━━ Record excerpts ━━

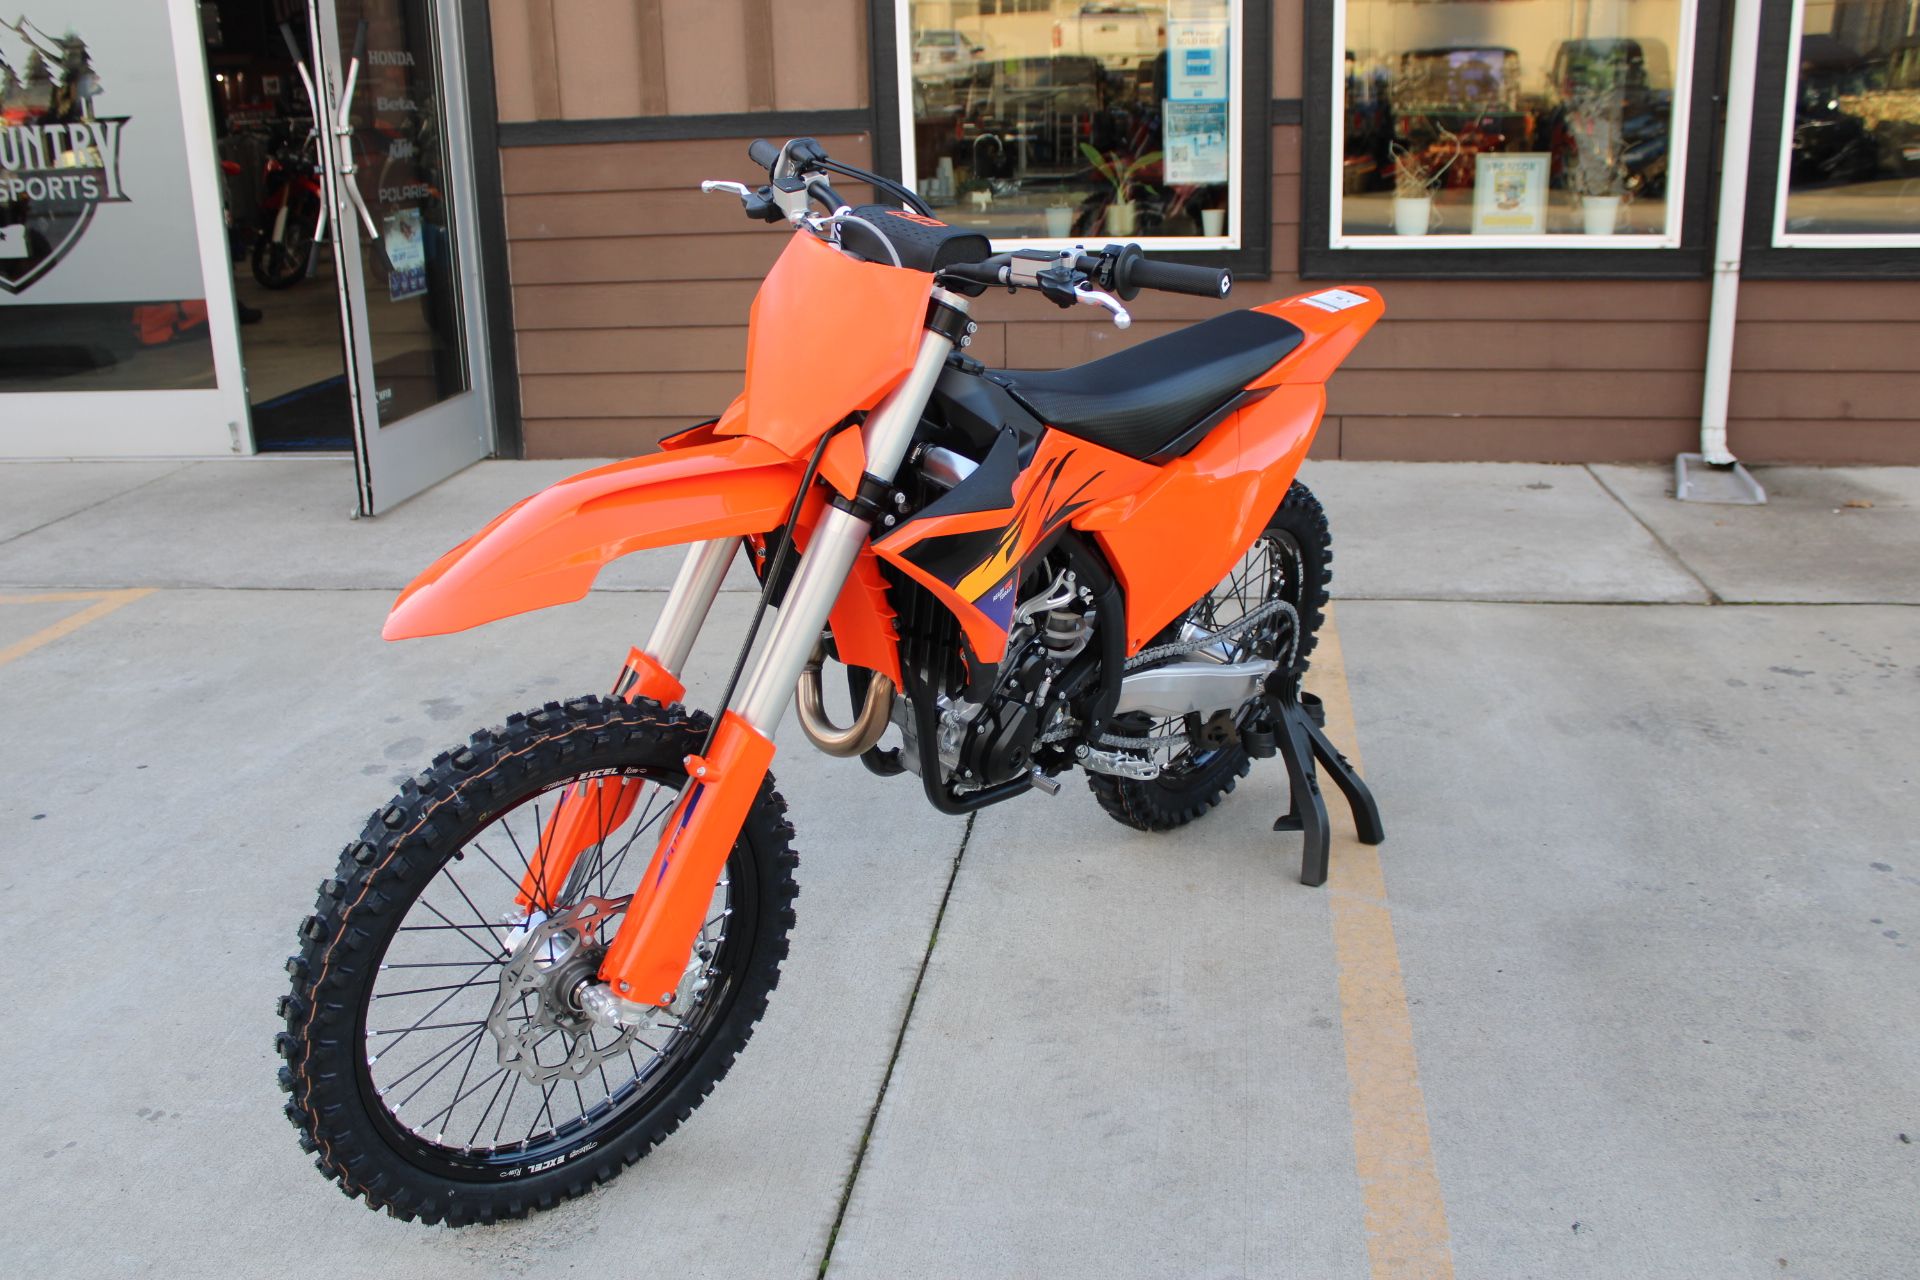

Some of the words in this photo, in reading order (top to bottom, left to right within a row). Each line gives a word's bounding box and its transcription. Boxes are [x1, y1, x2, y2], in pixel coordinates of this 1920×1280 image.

[367, 50, 415, 66] HONDA
[378, 183, 429, 204] POLARIS
[578, 767, 619, 780] EXCEL
[528, 1155, 566, 1173] EXCEL
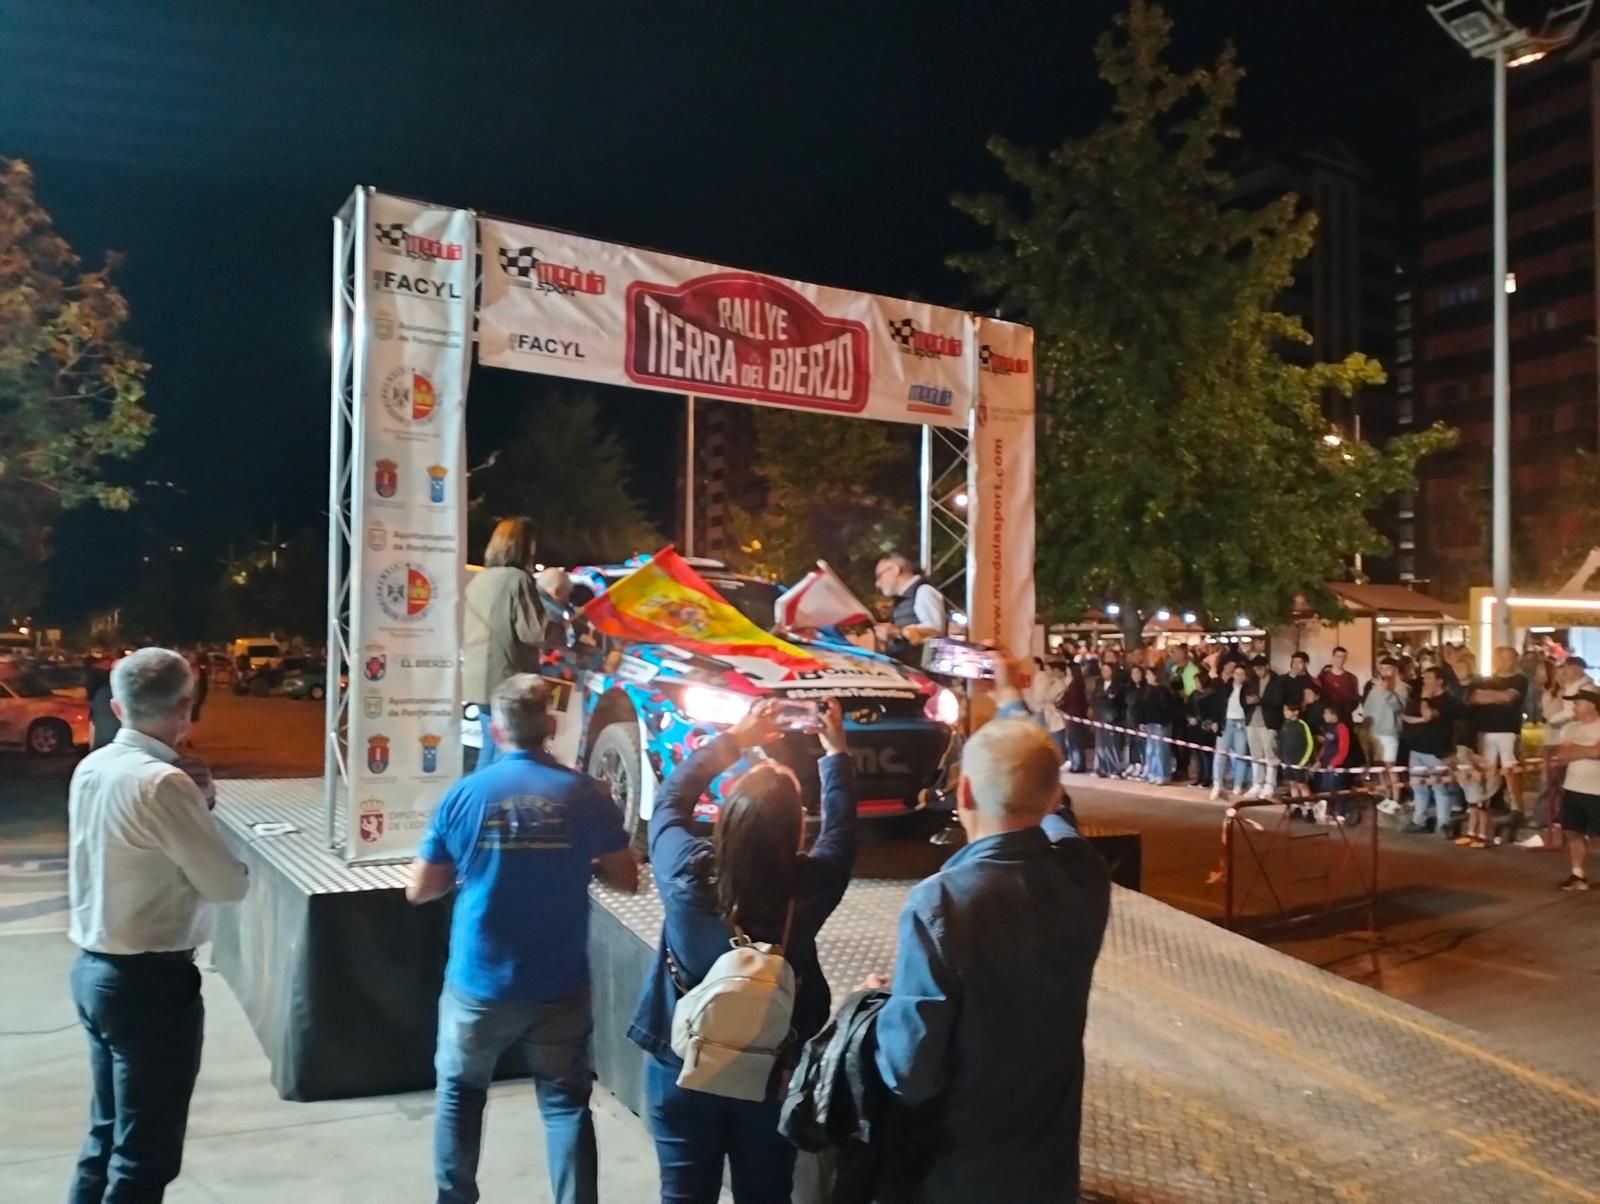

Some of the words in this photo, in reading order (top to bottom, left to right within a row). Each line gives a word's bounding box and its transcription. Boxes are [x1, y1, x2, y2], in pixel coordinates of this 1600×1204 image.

[384, 271, 461, 299] FACYL
[718, 297, 789, 341] RALLYE
[518, 334, 586, 358] FACYL
[644, 294, 738, 385] TIERRA
[741, 363, 765, 389] DEL
[768, 332, 854, 401] BIERZO
[415, 658, 454, 669] BIERZO
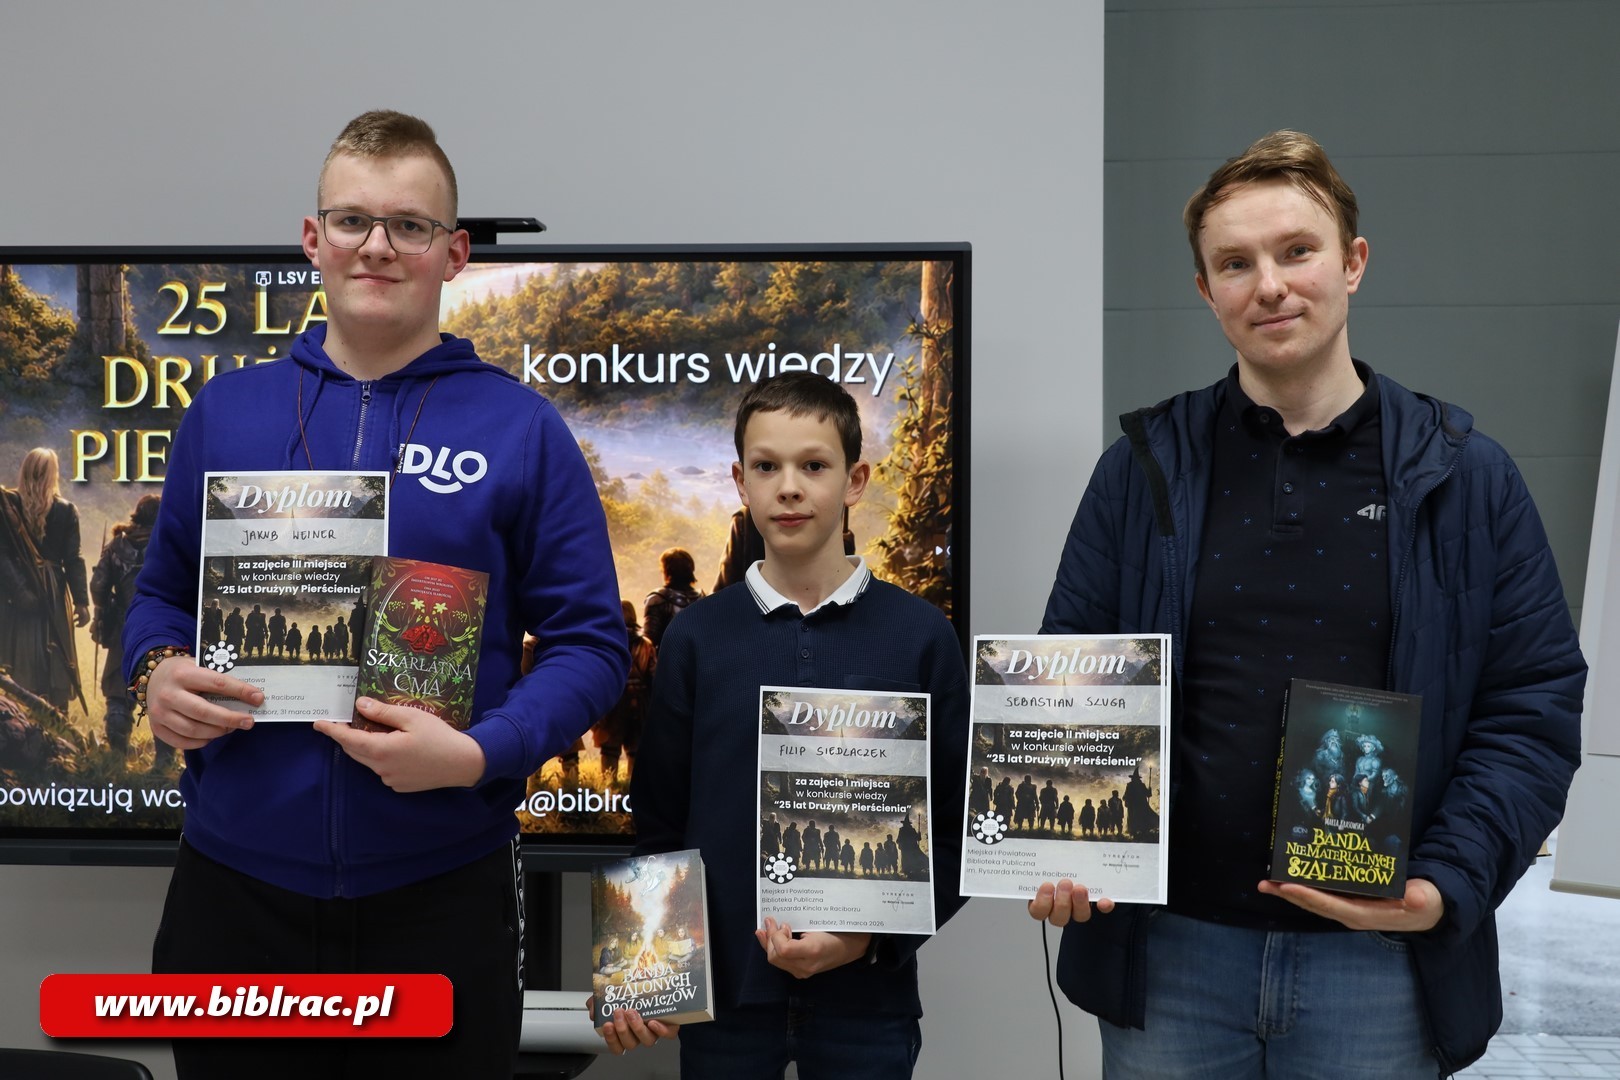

━━━

» **What you will do**: The whole listing must come back verbatim, with no pictures included.

» **Task result**:
Some of the words in this photo, in reading order (top to bottom, left to right within a row). Each line gives a word's bounding box and its transcription. Boxes are [x1, y1, x2, y2], in pixel coordinates of this 1920×1280 image.

[367, 50, 415, 66] HONDA
[378, 183, 429, 204] POLARIS
[578, 767, 619, 780] EXCEL
[528, 1155, 566, 1173] EXCEL

Some of the words in this photo, in reading order (top to bottom, left to right within a row). Each line gives a word's bounding box and its transcription. Boxes are [x1, y1, x2, y2], in pixel coordinates of this 1600×1204 image.

[384, 271, 461, 299] FACYL
[718, 297, 789, 341] RALLYE
[518, 334, 586, 358] FACYL
[644, 294, 738, 385] TIERRA
[741, 363, 765, 389] DEL
[768, 332, 854, 401] BIERZO
[415, 658, 454, 669] BIERZO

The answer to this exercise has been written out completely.